J’ai une nouvelle occupation. Je cours après les matous, les vrais, de tous poils, affectueux et/ou aventureux !

 Challenge TOTEM chat de Liligalipette

JEU-Totem Liligalipette

La proie du chat de Patricia Highsmith
traduit par Alain Delahaye
livre de poche

La proie du chat1

 La Proie du chat est son quatrième recueil de nouvelles paru en 1981 chez Calmann-Lévy.

Ayant lu auparavant «Des chats et des hommes» (paru en 2007), je n’en croyais pas mes yeux à la lecture de la première nouvelle au titre éponyme…

Tricher n’est pas jouer. Chat commence fort, au début, la même nouvelle !!! Je retrouve Portland Bill et ses 2 doigts humains. Nom du rat, chat alors. Mais elle a triché en reprenant cette nouvelle… Si bien que j’ai dû aller chercher mon premier billet pour m’assurer que je n’avais pas racheté le même bouquin ! Mais non, Des chats et des hommes attendait bien Miss Aspho chez Syl !

Bon, bref, c’est l’jeu ma pauv’ Liligalipette, un titre de plus pour ton/mon Challenge Totem-chat !

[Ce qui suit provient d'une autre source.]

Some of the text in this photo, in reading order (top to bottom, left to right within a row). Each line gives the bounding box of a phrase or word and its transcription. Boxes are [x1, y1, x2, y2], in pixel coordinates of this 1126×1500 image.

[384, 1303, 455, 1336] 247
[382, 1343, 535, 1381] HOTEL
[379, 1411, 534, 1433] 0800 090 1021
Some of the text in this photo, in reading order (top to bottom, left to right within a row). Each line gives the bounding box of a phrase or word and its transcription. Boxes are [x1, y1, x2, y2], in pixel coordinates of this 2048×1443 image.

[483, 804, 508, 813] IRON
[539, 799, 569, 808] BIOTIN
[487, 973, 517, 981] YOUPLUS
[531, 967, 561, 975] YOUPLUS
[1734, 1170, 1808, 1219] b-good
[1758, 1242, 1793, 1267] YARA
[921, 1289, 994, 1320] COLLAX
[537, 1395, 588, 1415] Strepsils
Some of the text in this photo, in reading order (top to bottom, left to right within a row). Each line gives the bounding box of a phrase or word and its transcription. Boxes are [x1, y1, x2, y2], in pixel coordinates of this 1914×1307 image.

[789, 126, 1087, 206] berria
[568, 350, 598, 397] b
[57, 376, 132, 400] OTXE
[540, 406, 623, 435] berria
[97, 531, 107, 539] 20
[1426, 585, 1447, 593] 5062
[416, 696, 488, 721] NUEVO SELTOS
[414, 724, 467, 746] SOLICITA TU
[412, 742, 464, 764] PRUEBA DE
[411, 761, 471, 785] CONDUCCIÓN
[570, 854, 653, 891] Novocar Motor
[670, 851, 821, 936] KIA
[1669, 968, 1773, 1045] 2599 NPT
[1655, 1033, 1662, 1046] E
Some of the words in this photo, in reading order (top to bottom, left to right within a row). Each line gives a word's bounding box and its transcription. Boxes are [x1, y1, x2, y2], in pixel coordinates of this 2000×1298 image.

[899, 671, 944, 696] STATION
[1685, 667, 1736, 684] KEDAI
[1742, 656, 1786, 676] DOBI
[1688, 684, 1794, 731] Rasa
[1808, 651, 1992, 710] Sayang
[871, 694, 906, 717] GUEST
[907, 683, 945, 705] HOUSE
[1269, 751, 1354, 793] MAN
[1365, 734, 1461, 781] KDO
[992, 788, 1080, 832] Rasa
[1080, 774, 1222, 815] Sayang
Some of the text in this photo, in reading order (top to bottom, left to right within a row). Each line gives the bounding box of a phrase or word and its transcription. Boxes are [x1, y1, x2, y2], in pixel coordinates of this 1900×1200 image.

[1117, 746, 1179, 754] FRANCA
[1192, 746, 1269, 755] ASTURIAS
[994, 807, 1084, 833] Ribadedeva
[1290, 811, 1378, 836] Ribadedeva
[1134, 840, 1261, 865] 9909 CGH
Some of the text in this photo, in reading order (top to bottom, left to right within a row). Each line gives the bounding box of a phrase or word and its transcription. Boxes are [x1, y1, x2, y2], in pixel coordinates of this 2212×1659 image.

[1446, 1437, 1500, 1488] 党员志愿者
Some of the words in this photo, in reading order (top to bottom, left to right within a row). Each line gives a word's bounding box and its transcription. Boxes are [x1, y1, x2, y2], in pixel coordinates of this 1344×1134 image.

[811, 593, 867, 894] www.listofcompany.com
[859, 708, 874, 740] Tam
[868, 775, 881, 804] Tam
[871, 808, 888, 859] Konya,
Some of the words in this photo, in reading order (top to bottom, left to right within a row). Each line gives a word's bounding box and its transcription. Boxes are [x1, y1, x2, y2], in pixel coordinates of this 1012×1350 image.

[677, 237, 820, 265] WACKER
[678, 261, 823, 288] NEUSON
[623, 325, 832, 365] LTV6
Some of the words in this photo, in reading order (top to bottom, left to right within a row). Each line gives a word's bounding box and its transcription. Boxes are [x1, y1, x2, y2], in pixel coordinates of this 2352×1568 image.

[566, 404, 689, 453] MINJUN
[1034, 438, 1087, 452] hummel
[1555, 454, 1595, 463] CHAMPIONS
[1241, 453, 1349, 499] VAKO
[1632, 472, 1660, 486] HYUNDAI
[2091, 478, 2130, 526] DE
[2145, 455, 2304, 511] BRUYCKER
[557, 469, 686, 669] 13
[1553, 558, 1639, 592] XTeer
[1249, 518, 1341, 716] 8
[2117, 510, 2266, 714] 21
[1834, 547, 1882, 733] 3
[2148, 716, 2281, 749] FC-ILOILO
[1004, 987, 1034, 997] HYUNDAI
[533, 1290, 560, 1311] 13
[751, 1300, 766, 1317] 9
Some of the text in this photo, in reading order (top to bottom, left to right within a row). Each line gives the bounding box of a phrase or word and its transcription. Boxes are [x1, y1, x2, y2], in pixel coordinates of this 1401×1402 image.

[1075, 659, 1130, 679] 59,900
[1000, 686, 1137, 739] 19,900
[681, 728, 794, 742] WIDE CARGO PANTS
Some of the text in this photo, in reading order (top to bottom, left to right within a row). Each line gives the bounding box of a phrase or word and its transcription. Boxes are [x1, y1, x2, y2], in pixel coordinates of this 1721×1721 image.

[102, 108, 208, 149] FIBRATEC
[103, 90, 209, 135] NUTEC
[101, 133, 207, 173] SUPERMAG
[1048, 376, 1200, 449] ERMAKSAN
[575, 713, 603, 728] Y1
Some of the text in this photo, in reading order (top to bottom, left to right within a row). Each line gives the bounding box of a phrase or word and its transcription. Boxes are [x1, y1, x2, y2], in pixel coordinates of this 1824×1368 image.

Les 10 nouvelles sont amusantes, sans plus. J’étais déçue du début, alors j’ai fait la tête en lisant ce livre… J'ai trouvé une seule petite minette, Bessie, dans la 6e nouvelle intitulée "La créature sans nom", mais l'histoire finit mal.

Je me suis donc amusée à chercher des couvertures différentes ! La mienne est «collector» !

La proie du chat

En ce qui concerne ce livre, je n’ai rien de mieux à dire. Je m'aperçois que je n'aime pas les recueils de nouvelles. Marcus Malte me fera-t-il changer d'avis ?

4e de couverture

A l'égal du chat qui, dans la première de ces dix nouvelles, introduit d'une patte nonchalante le mystère et l'horreur au sein d'une paisible réunion amicale, Patricia Highsmith instille au coeur de chaque récit le venin discret qui porte le texte à son sommet de virulence. Qu'elle mette en scène, avec un humour féroce, l'adoption de deux vieillards par un couple sans enfants ou la destruction d'un homme par ses amis, qu'elle décrive impitoyablement les attaques quotidiennes dans les rues, qu'elle s'amuse d'une jolie oisive ou nous glace avec les visions d'une femme seule, la romancière américaine prouve, comme dans les précédents recueils, qu'elle excelle dans l'art difficile de la nouvelle.